The Helmholtz Association has awarded DESY grants to set up three new Young Investigators Groups. With annual funds of 250 000 euros each, three young scientists can set up their own research groups at DESY over a period of five years. Altogether, the Helmholtz Association is supporting 17 new Young Investigators Groups at its 18 centres. “I am very happy that no fewer than three of our candidates were able to convince the jury with their projects. This shows the outstanding quality of the young scientists we have at DESY”, says Prof. Helmut Dosch, chairman of DESY’s Board of Directors. DESY itself will be supplying half the overall funds in each case.

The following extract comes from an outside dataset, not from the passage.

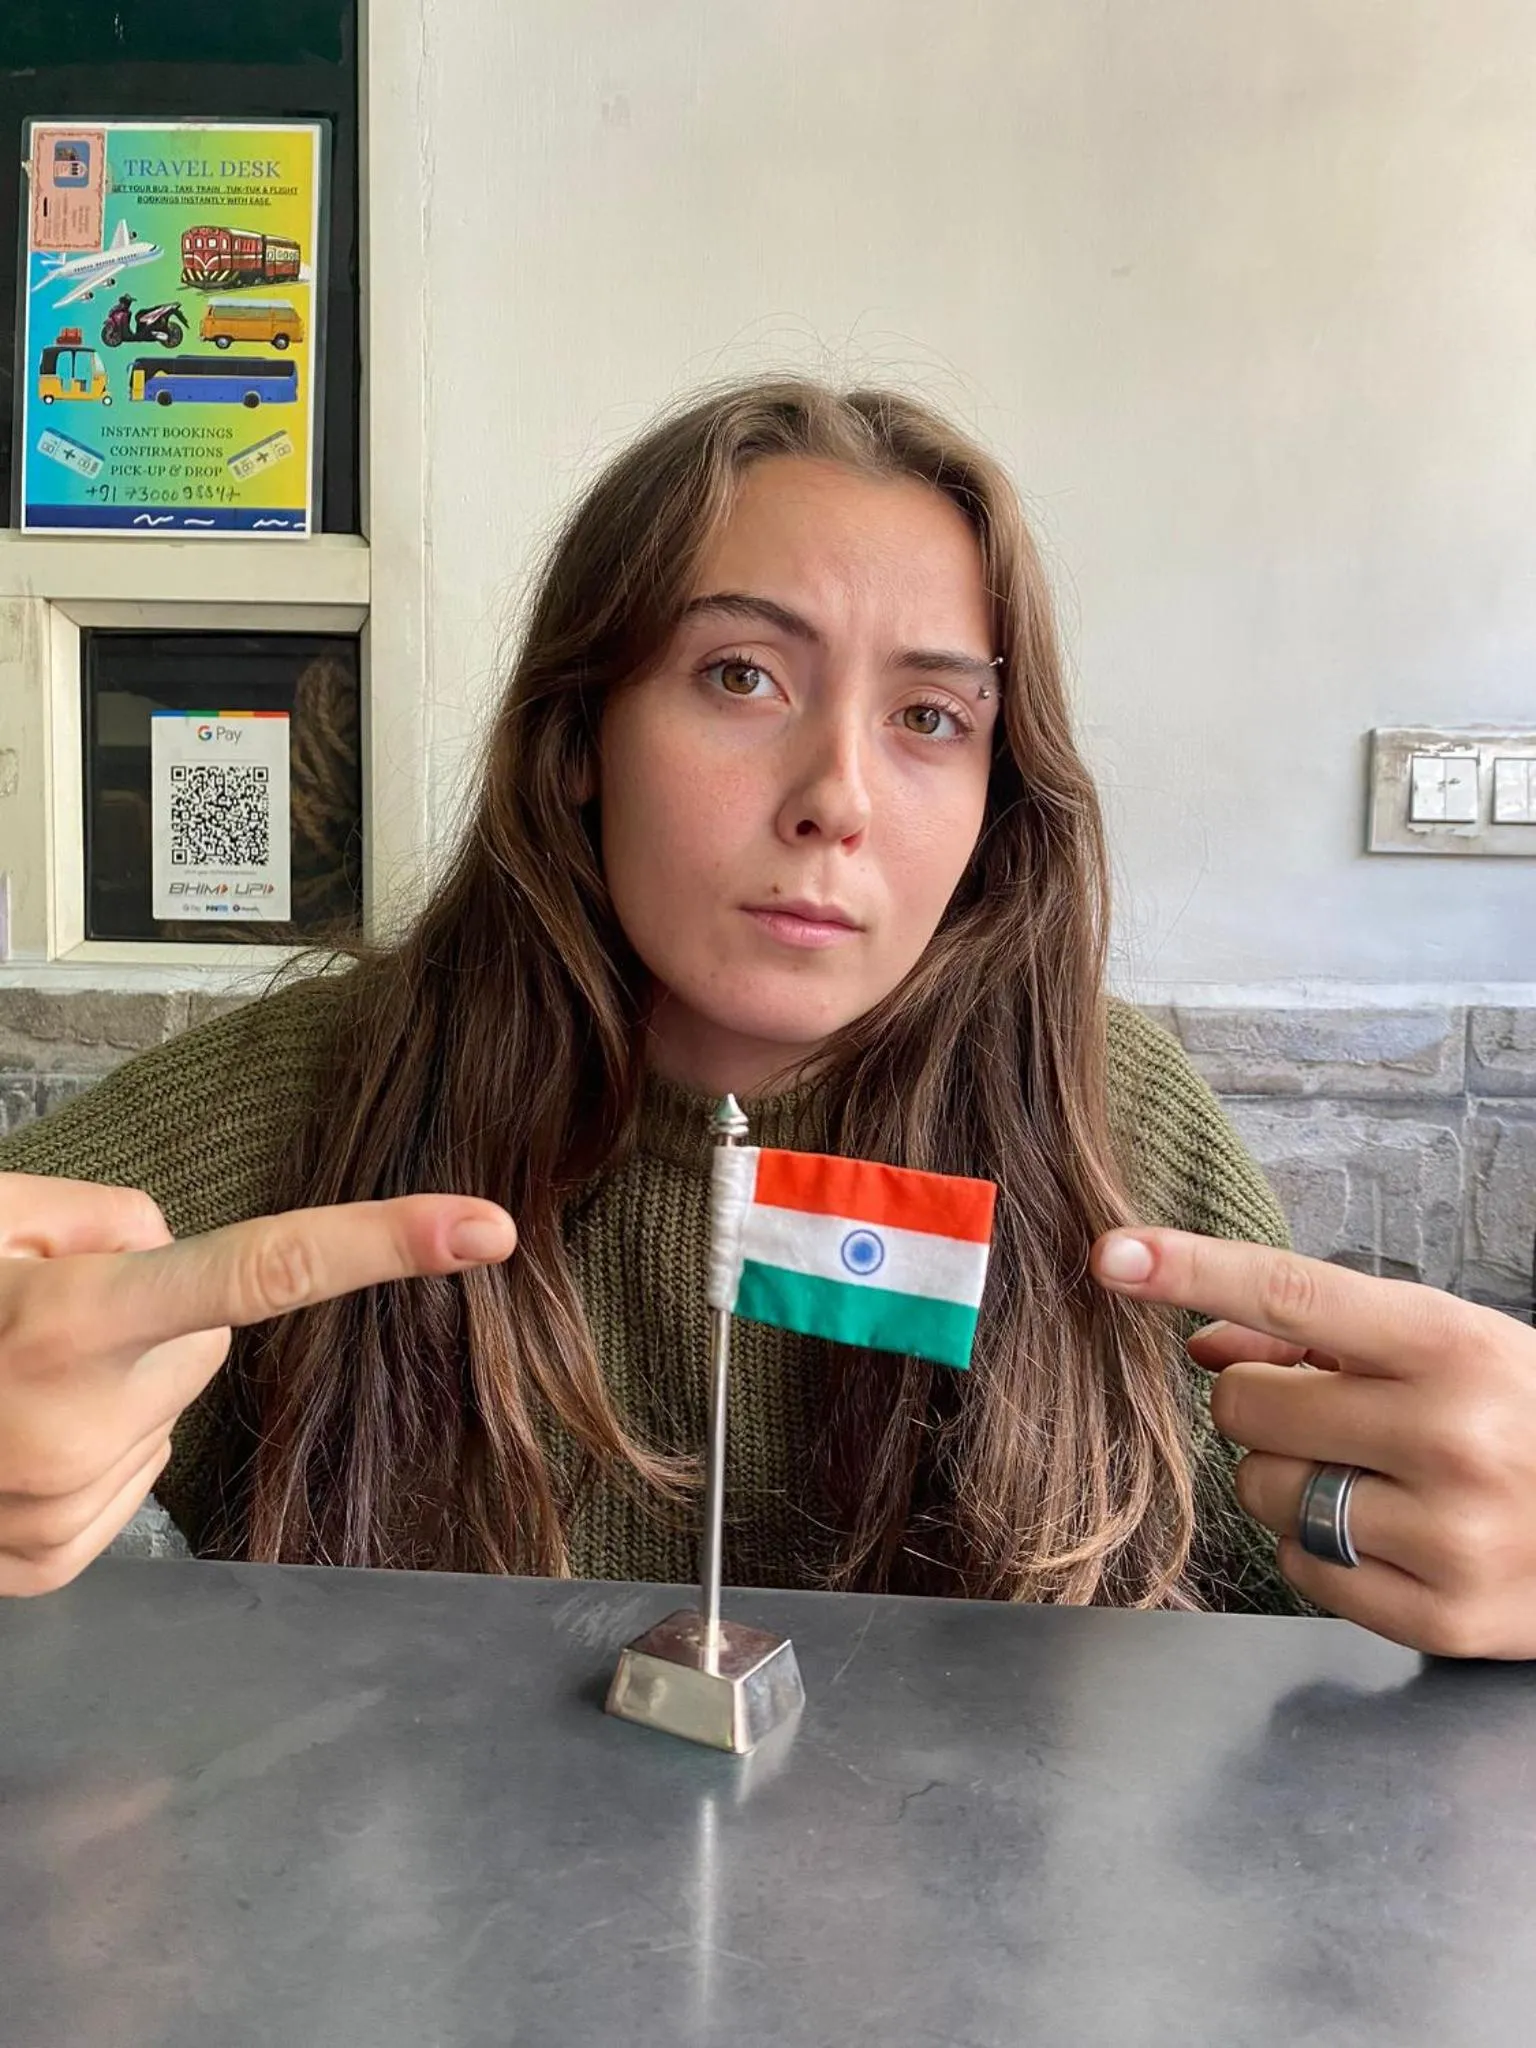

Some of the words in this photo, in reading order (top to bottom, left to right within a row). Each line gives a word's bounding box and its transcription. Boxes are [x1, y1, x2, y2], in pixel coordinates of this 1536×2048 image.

In her group, Dr. Sadia Bari will be developing new methods for examining biomolecules. For this purpose, these proteins are to be placed in the beam of a bright X-ray source using a technique known as electrospray ionisation, making it possible to study them in a defined state without any substrate or solvent. Scientists are hoping that this will allow a range of fundamental questions to be answered, including the nature of the radiation damage that occurs in biological cells during medical radiation treatment, and the electrical charge transfer that occurs, for example, during photosynthesis in plants.
Dr. Martin Beye was awarded the grant to develop new methods of investigation in materials science using X-rays. So-called soft X-rays, which have less energy than hard X-rays, are particularly suitable for studying active surfaces and boundary layers, because they are specifically sensitive to the active chemical elements in a compound. In this project, methods from optical laser spectroscopy are to be adapted for use with X-rays. The scientists are hoping that this will extend the scope of their analytical methods to a similar degree to that achieved through the introduction of optical lasers.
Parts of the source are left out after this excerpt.